Bora Zivkovic

Welcome to ScienceOnline2010

Sunday, November 1, 2009, 5:49 pm By Bora Zivkovic

scienceonline2010logoSmall1.jpgAlmost four years ago, after attending several technology and blogging conferences, I thought it would be interesting to have a conference for science bloggers to get together. Other science bloggers showed interest, but I wasn’t sure it would be possible to actually organize one. Then, Anton Zuiker took me aside at one of the local blogger meetups and suggested that it was possible and we should do it ourselves, right here in the Triangle.

Anton Zuiker is a veteran blogger (see how many years back you can go in his archives!) particularly interested in medical blogging, foodblogging and storyblogging. But even more, he is interested in building a community – using online tools to get people together in real life. Thus, he organized a series of monthly blogger meetups over the years, the annual Blogger BBQ at his home, a Long Table series of events (just started last month), several blogging conferences and founded BlogTogether.org, a community of North Carolina bloggers and online communicators that is the official organizer of the ScienceOnline conferences.

Anton is one of the first graduates of the Medical and Science Journalism Program at UNC and is currently the Manager of Internal Communications at the Duke University Health System. If that is not enough for you – the list gets longer on his About page….and of course, you can follow him on Twitter.

Thus, with Anton’s optimism that this was possible, the 1st Triangle Science Blogging Conference was born. Our friends Brian Russell and Paul Jones offered to help and the conference took place in January 2007 on UNC campus.

If you believe the media and blog coverage of the event the conference was a big success, so we decided to do it again in 2008, this time at Sigma Xi in the middle of the Research Triangle Park. Feedback from the 2nd meeting prompted us to expand the meeting to two days and to change the name to ScienceOnline09 to reflect the fact that many more topics than just blogging are discussed at our conferences – science publishing, journalism, education, popularization as well as technical and social aspects of communicating science.

You should also read the interviews with some of the participants of the 2008 meeting and the 2009 meeting to get a better flavor. Many of those interviewees will be coming back to the Triangle next January for our fourth edition – the ScienceOnline2010. The main portion of ScienceOnline2010 will again be held at Sigma Xi, but additional events will also take place at the RTP Headquarters and in the Park Research Center. The Research Triangle Foundation has become, this year, an important partner and sponsor of this annual event, which we hope will continue into the future.

In 2009, David Kroll joined the organizing committee. David is the Professor and Chair of Pharmaceutical Sciences at North Carolina Central University, but if you are a regular reader of science blogs, you probably know him better as Abel PharmBoy of the Terra Sigilatta blog and the eponymous Twitter handle.

At ScienceOnline2010, David will co-moderate the session “Martin Luther King, Jr., Memorial Session: Engaging underrepresented groups in online science media.”

For the 2010 conference, Stephanie Willen Brown also joined our organizing committee. She is the director of the Park Library, the library of the School of Journalism and Mass Communication at UNC. Stephanie’s blog is CogSci Librarian and you can also follow her on Twitter.
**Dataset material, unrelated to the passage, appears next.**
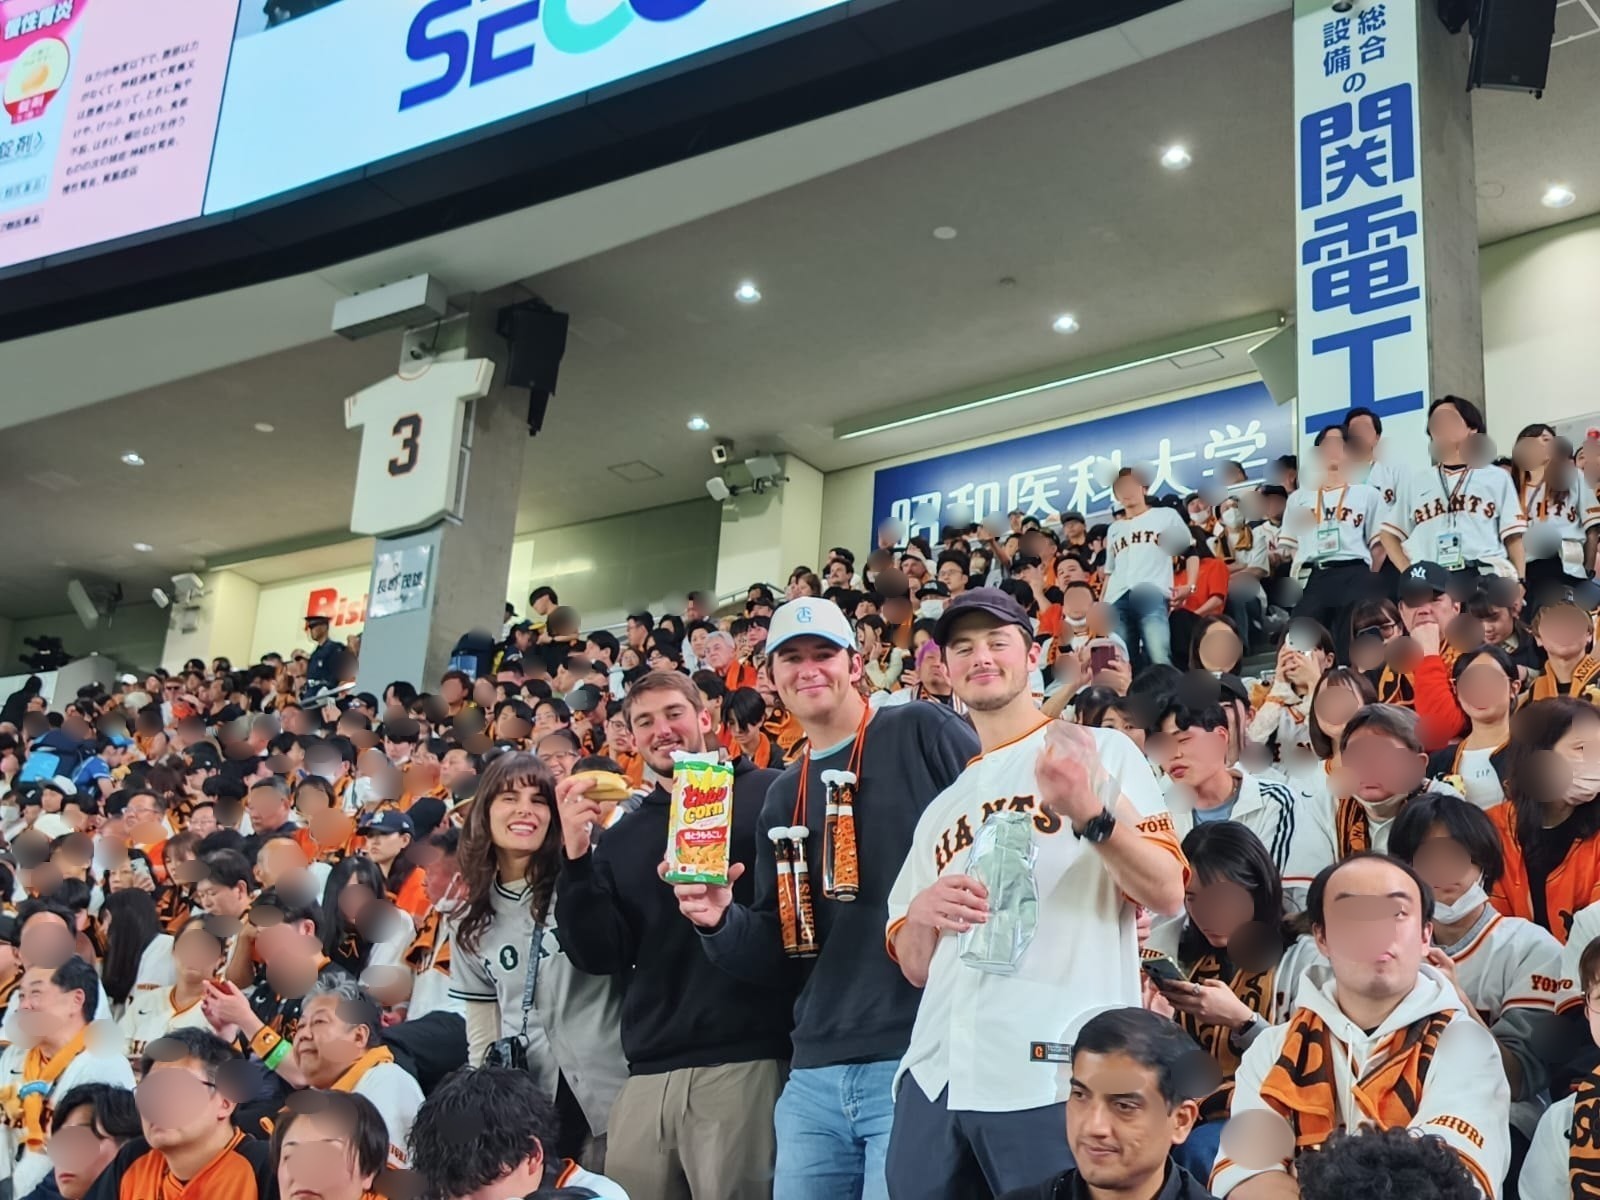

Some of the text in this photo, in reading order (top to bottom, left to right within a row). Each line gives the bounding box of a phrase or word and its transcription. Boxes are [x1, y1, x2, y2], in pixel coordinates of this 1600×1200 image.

At ScienceOnline2010, Stephanie will co-moderate the session “Scientists! What can your librarian do for you?”

You can learn more about me on the About page of my blog and find me in various online places all linked here.

Now that registration for the conference is closed as we are completely full (it took only three days to fill up) I intend to introduce the participants to you in a series of blog posts over the next three months. You can check out the entire list of registered attendees for yourself but I will try to provide a little more information about everyone so, if you are attending, you may be on a special lookout for someone you really want to talk to or, if you are not attending, to see what you’re missing so you can tune in virtually next January and make a firm promise to yourself that you will try to make it in person next time.

Most or all of the program will be livestreamed or recorded in some fashion by us. In addition to that, many of the 250 participants are likely to provide continuous live coverage of the meeting on their blogs (the links to which we will assemble), on Twitter (follow the hashtag #scio10 or our official account), on FriendFeed, Facebook, in SecondLife and elsewehere online.

The format of the meeting is that of an Unconference, based on the premise that “The sum of the expertise of the people in the audience is greater than the sum of expertise of the people on stage.” Thus all our sessions are highly participatory and everyone’s voice is valued. The idea is that everyone who comes here has not just something to learn but also something to teach – everybody is an expert on something related to science and the Web thus sharing that knowledge, skills and ideas is welcomed by all the others.

Some of the events will also be open to other locals who are not registered for the main event of the conference itself. So, prepare yourself in advance – check out local science/nature/medicine blogs and see the Program.